4 points by redditor98654 5 days ago

Currently the email account I use for my Bitwarden account is the same as the one I use for my Authy account. In addition, password for the Authy account is in the Bitwarden account and 2FA for the Bitwarden account is in that Authy account. This seems like a circular dependency and a disaster waiting to happen.

I am thinking this is how I should structure it:

    Email (E1) for the Bitwarden account (B1).
        preferably this is a paid email like protonmail/fastmail

    Email (E2) for the Authy account (A1) that has only B1 TOTP added.
        preferably this is a paid email like protonmail/fastmail

    Email (E3) or my critical accounts like banks and other financial institutions
        preferably this is a paid email like protonmail/fastmail
        password for this email account as well as the financial accounts are stored in B1

    Email (E4) for all other non-critical logins
        This can be a Google account
        Password for this email as well as the other accounts are stored in B1

    Email (E5) for another Authy Account (A2) to store TOP for all accounts created in E3 and E4

    Passwords for E1, E2, B1, A1 and A2 are never stored in any digital medium
        At most it will be in a physical form at my home
How are other people who like to go that extra distance structuring theirs?
dakiol 3 days ago

I have memorized my master password. I have written it down in a couple of books as well. I never take those books out of home.

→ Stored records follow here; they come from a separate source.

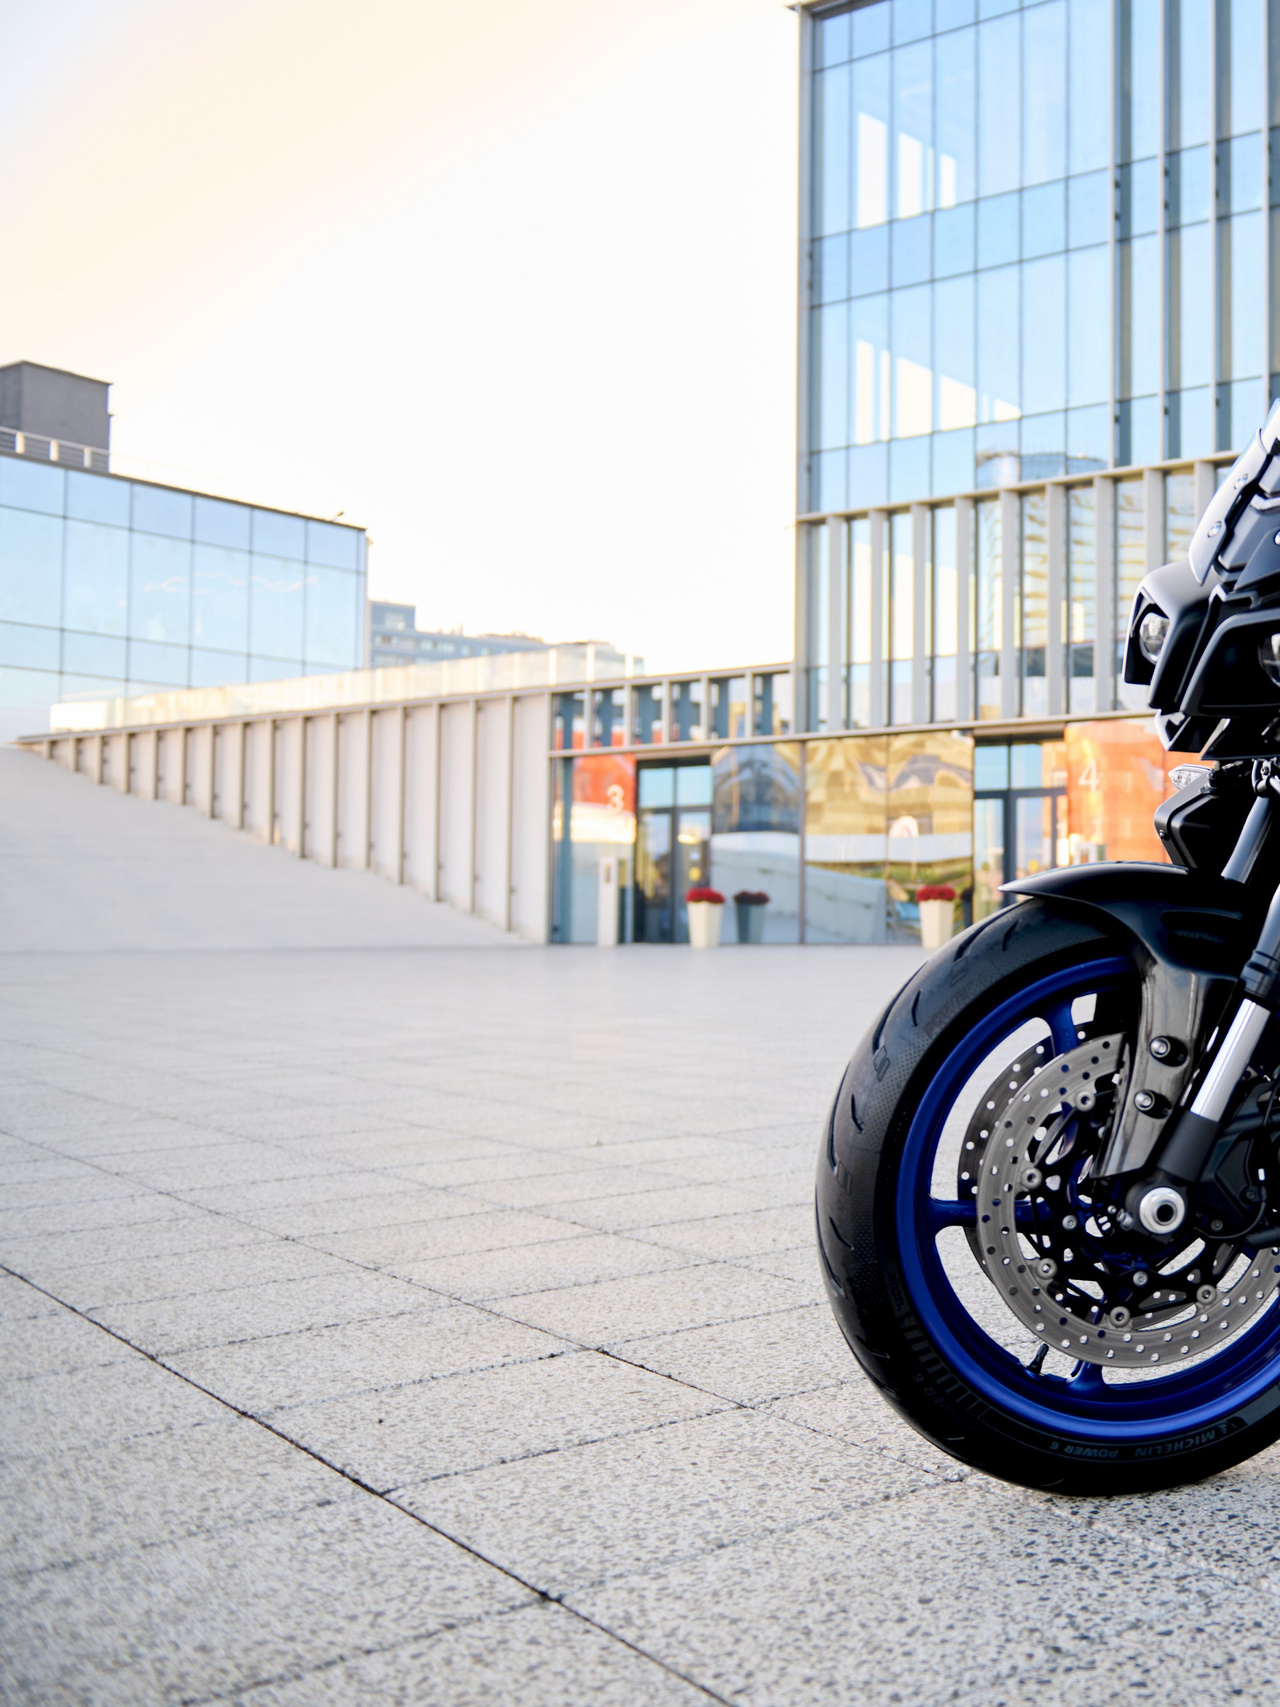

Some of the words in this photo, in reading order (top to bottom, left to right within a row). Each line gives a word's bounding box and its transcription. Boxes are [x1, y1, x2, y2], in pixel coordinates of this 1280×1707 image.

[1078, 758, 1100, 791] 4
[607, 784, 624, 815] 3
[1049, 1440, 1060, 1451] 6
[1063, 1445, 1119, 1459] POWER
[1134, 1429, 1216, 1457] MICHELIN

All my other passwords are in plain text files (encrypted with the master password) in my computer. It works fine. I don’t trust third party software to store my passwords, and anything open source doesn’t beat my plain text file tbh.

  • redditor98654 3 days ago

    Do you have a solution for cross device syncing? Say you need to access a password for an app.

    • dakiol 2 days ago

      Not really. But I login in the app(s) once usually, and never log out.

slwvx 5 days ago

I personally would not like the complexity of one Bitwarden account, two Authy accounts, and five email accounts! I wonder if your current desire to "go that extra distance" now would fade, and in the future the complexity of your proposed structure would lead to problems.

  • redditor98654 5 days ago

    You are correct; that certainly is possible - this setup was my engineer's instincts for maximum modularity and separation.

    My ideal password manager and TOTP account feature would have been something that allows a random username as the account key and does not require any email. That would have cut down the emails to only 2.

    But all these password managers and 2FA accounts require email - I would have guessed random username would be harder to crack and would be better anonymized.

    • skydhash 5 days ago

      A great way to go about it is workflow and impact if the account was breached or access was lost. For me, most services don’t matter that much although I use otp if I can. I have the main password database somewhere, and for less impactful service and often used ones, they are on the keyring system (protected by disk encryption). And keys have passphrases.